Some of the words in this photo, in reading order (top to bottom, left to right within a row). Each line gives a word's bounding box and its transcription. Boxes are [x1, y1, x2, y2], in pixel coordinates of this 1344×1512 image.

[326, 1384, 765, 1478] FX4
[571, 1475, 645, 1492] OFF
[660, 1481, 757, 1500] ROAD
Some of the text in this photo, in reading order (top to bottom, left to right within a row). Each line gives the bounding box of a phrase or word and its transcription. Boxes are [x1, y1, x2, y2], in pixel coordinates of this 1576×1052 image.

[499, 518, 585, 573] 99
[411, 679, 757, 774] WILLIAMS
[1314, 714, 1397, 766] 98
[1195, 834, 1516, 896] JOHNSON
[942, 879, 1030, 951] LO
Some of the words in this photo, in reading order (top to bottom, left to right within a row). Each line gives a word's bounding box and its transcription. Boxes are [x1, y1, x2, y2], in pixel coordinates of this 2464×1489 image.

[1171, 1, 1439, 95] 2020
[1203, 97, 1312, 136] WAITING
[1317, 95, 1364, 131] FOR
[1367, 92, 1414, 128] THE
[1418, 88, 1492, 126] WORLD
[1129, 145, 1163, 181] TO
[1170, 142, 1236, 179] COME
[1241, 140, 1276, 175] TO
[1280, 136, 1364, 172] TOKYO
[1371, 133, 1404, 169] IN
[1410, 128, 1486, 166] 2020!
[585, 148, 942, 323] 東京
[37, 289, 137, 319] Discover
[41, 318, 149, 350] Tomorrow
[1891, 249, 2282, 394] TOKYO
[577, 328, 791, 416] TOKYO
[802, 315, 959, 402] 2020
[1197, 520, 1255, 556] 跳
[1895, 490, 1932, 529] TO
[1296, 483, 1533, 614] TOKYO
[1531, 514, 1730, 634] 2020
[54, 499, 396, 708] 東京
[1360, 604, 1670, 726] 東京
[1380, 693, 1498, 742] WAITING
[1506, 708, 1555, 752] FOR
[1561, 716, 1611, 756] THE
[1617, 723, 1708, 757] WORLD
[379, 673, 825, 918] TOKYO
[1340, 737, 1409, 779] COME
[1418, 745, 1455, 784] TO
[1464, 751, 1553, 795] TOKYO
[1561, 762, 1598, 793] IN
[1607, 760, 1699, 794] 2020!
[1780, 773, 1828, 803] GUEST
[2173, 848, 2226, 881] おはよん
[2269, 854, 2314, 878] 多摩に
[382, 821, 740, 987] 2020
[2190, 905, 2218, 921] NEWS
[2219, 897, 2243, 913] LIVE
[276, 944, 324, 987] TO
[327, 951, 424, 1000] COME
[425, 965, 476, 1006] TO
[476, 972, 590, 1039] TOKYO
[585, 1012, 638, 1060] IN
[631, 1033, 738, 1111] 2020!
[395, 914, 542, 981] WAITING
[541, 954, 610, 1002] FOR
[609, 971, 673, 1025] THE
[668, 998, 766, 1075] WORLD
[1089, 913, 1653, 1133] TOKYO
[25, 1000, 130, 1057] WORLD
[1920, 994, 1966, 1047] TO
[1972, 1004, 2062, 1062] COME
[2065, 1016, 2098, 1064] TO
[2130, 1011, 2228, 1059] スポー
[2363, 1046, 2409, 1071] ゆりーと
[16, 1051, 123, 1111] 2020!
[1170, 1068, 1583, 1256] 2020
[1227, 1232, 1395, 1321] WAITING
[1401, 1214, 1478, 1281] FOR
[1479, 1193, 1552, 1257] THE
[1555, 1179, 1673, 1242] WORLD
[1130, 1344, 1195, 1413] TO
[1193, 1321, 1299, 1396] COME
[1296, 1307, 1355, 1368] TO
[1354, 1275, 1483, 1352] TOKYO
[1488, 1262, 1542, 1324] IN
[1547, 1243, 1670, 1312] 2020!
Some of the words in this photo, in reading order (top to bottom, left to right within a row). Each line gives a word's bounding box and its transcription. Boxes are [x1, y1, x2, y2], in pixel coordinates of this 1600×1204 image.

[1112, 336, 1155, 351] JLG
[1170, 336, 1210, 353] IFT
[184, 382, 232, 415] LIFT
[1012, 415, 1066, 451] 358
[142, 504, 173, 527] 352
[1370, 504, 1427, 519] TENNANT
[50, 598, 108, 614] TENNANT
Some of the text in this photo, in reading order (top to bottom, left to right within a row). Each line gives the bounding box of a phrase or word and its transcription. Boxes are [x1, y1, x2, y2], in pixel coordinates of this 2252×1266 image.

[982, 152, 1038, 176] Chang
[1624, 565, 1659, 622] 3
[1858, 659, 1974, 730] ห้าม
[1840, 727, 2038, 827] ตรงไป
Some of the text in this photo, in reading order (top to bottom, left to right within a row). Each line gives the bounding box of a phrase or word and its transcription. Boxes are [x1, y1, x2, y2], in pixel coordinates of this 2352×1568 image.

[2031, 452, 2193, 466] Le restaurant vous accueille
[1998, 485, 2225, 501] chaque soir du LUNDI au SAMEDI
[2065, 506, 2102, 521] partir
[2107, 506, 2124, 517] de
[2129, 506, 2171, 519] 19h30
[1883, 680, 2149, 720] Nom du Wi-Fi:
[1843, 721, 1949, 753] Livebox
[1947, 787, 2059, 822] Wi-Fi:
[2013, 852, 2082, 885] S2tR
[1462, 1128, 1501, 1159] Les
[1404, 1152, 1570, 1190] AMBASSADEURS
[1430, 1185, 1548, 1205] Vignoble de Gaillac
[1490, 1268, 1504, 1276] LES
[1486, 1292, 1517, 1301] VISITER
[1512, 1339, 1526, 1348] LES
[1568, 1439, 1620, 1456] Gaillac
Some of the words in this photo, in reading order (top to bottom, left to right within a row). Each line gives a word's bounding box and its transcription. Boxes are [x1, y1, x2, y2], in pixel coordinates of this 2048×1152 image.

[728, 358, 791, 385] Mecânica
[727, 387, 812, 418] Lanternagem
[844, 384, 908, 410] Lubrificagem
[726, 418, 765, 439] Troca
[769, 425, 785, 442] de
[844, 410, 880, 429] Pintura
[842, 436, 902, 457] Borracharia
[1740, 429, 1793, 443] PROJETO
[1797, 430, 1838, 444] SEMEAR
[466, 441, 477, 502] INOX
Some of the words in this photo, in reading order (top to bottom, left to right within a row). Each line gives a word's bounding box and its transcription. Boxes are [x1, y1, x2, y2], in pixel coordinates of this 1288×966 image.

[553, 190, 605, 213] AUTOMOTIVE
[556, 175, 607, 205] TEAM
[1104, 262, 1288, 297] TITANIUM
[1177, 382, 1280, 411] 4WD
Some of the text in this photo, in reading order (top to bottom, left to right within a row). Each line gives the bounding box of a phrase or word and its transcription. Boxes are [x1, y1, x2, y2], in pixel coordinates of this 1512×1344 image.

§ Required action
Each line of the material above should be restated word for word.

§ Solution to the problem
Some of the words in this photo, in reading order (top to bottom, left to right within a row). Each line gives a word's bounding box and its transcription. Boxes are [x1, y1, x2, y2], in pixel coordinates of this 1344×1512 image.

[326, 1384, 765, 1478] FX4
[571, 1475, 645, 1492] OFF
[660, 1481, 757, 1500] ROAD
Some of the text in this photo, in reading order (top to bottom, left to right within a row). Each line gives the bounding box of a phrase or word and its transcription. Boxes are [x1, y1, x2, y2], in pixel coordinates of this 1576×1052 image.

[499, 518, 585, 573] 99
[411, 679, 757, 774] WILLIAMS
[1314, 714, 1397, 766] 98
[1195, 834, 1516, 896] JOHNSON
[942, 879, 1030, 951] LO
Some of the words in this photo, in reading order (top to bottom, left to right within a row). Each line gives a word's bounding box and its transcription. Boxes are [x1, y1, x2, y2], in pixel coordinates of this 2464×1489 image.

[1171, 1, 1439, 95] 2020
[1203, 97, 1312, 136] WAITING
[1317, 95, 1364, 131] FOR
[1367, 92, 1414, 128] THE
[1418, 88, 1492, 126] WORLD
[1129, 145, 1163, 181] TO
[1170, 142, 1236, 179] COME
[1241, 140, 1276, 175] TO
[1280, 136, 1364, 172] TOKYO
[1371, 133, 1404, 169] IN
[1410, 128, 1486, 166] 2020!
[585, 148, 942, 323] 東京
[37, 289, 137, 319] Discover
[41, 318, 149, 350] Tomorrow
[1891, 249, 2282, 394] TOKYO
[577, 328, 791, 416] TOKYO
[802, 315, 959, 402] 2020
[1197, 520, 1255, 556] 跳
[1895, 490, 1932, 529] TO
[1296, 483, 1533, 614] TOKYO
[1531, 514, 1730, 634] 2020
[54, 499, 396, 708] 東京
[1360, 604, 1670, 726] 東京
[1380, 693, 1498, 742] WAITING
[1506, 708, 1555, 752] FOR
[1561, 716, 1611, 756] THE
[1617, 723, 1708, 757] WORLD
[379, 673, 825, 918] TOKYO
[1340, 737, 1409, 779] COME
[1418, 745, 1455, 784] TO
[1464, 751, 1553, 795] TOKYO
[1561, 762, 1598, 793] IN
[1607, 760, 1699, 794] 2020!
[1780, 773, 1828, 803] GUEST
[2173, 848, 2226, 881] おはよん
[2269, 854, 2314, 878] 多摩に
[382, 821, 740, 987] 2020
[2190, 905, 2218, 921] NEWS
[2219, 897, 2243, 913] LIVE
[276, 944, 324, 987] TO
[327, 951, 424, 1000] COME
[425, 965, 476, 1006] TO
[476, 972, 590, 1039] TOKYO
[585, 1012, 638, 1060] IN
[631, 1033, 738, 1111] 2020!
[395, 914, 542, 981] WAITING
[541, 954, 610, 1002] FOR
[609, 971, 673, 1025] THE
[668, 998, 766, 1075] WORLD
[1089, 913, 1653, 1133] TOKYO
[25, 1000, 130, 1057] WORLD
[1920, 994, 1966, 1047] TO
[1972, 1004, 2062, 1062] COME
[2065, 1016, 2098, 1064] TO
[2130, 1011, 2228, 1059] スポー
[2363, 1046, 2409, 1071] ゆりーと
[16, 1051, 123, 1111] 2020!
[1170, 1068, 1583, 1256] 2020
[1227, 1232, 1395, 1321] WAITING
[1401, 1214, 1478, 1281] FOR
[1479, 1193, 1552, 1257] THE
[1555, 1179, 1673, 1242] WORLD
[1130, 1344, 1195, 1413] TO
[1193, 1321, 1299, 1396] COME
[1296, 1307, 1355, 1368] TO
[1354, 1275, 1483, 1352] TOKYO
[1488, 1262, 1542, 1324] IN
[1547, 1243, 1670, 1312] 2020!
Some of the words in this photo, in reading order (top to bottom, left to right within a row). Each line gives a word's bounding box and its transcription. Boxes are [x1, y1, x2, y2], in pixel coordinates of this 1600×1204 image.

[1112, 336, 1155, 351] JLG
[1170, 336, 1210, 353] IFT
[184, 382, 232, 415] LIFT
[1012, 415, 1066, 451] 358
[142, 504, 173, 527] 352
[1370, 504, 1427, 519] TENNANT
[50, 598, 108, 614] TENNANT
Some of the text in this photo, in reading order (top to bottom, left to right within a row). Each line gives the bounding box of a phrase or word and its transcription. Boxes are [x1, y1, x2, y2], in pixel coordinates of this 2252×1266 image.

[982, 152, 1038, 176] Chang
[1624, 565, 1659, 622] 3
[1858, 659, 1974, 730] ห้าม
[1840, 727, 2038, 827] ตรงไป
Some of the text in this photo, in reading order (top to bottom, left to right within a row). Each line gives the bounding box of a phrase or word and its transcription. Boxes are [x1, y1, x2, y2], in pixel coordinates of this 2352×1568 image.

[2031, 452, 2193, 466] Le restaurant vous accueille
[1998, 485, 2225, 501] chaque soir du LUNDI au SAMEDI
[2065, 506, 2102, 521] partir
[2107, 506, 2124, 517] de
[2129, 506, 2171, 519] 19h30
[1883, 680, 2149, 720] Nom du Wi-Fi:
[1843, 721, 1949, 753] Livebox
[1947, 787, 2059, 822] Wi-Fi:
[2013, 852, 2082, 885] S2tR
[1462, 1128, 1501, 1159] Les
[1404, 1152, 1570, 1190] AMBASSADEURS
[1430, 1185, 1548, 1205] Vignoble de Gaillac
[1490, 1268, 1504, 1276] LES
[1486, 1292, 1517, 1301] VISITER
[1512, 1339, 1526, 1348] LES
[1568, 1439, 1620, 1456] Gaillac
Some of the words in this photo, in reading order (top to bottom, left to right within a row). Each line gives a word's bounding box and its transcription. Boxes are [x1, y1, x2, y2], in pixel coordinates of this 2048×1152 image.

[728, 358, 791, 385] Mecânica
[727, 387, 812, 418] Lanternagem
[844, 384, 908, 410] Lubrificagem
[726, 418, 765, 439] Troca
[769, 425, 785, 442] de
[844, 410, 880, 429] Pintura
[842, 436, 902, 457] Borracharia
[1740, 429, 1793, 443] PROJETO
[1797, 430, 1838, 444] SEMEAR
[466, 441, 477, 502] INOX
Some of the words in this photo, in reading order (top to bottom, left to right within a row). Each line gives a word's bounding box and its transcription. Boxes are [x1, y1, x2, y2], in pixel coordinates of this 1288×966 image.

[553, 190, 605, 213] AUTOMOTIVE
[556, 175, 607, 205] TEAM
[1104, 262, 1288, 297] TITANIUM
[1177, 382, 1280, 411] 4WD
Some of the text in this photo, in reading order (top to bottom, left to right within a row). Each line gives the bounding box of a phrase or word and its transcription. Boxes are [x1, y1, x2, y2], in pixel coordinates of this 1512×1344 image.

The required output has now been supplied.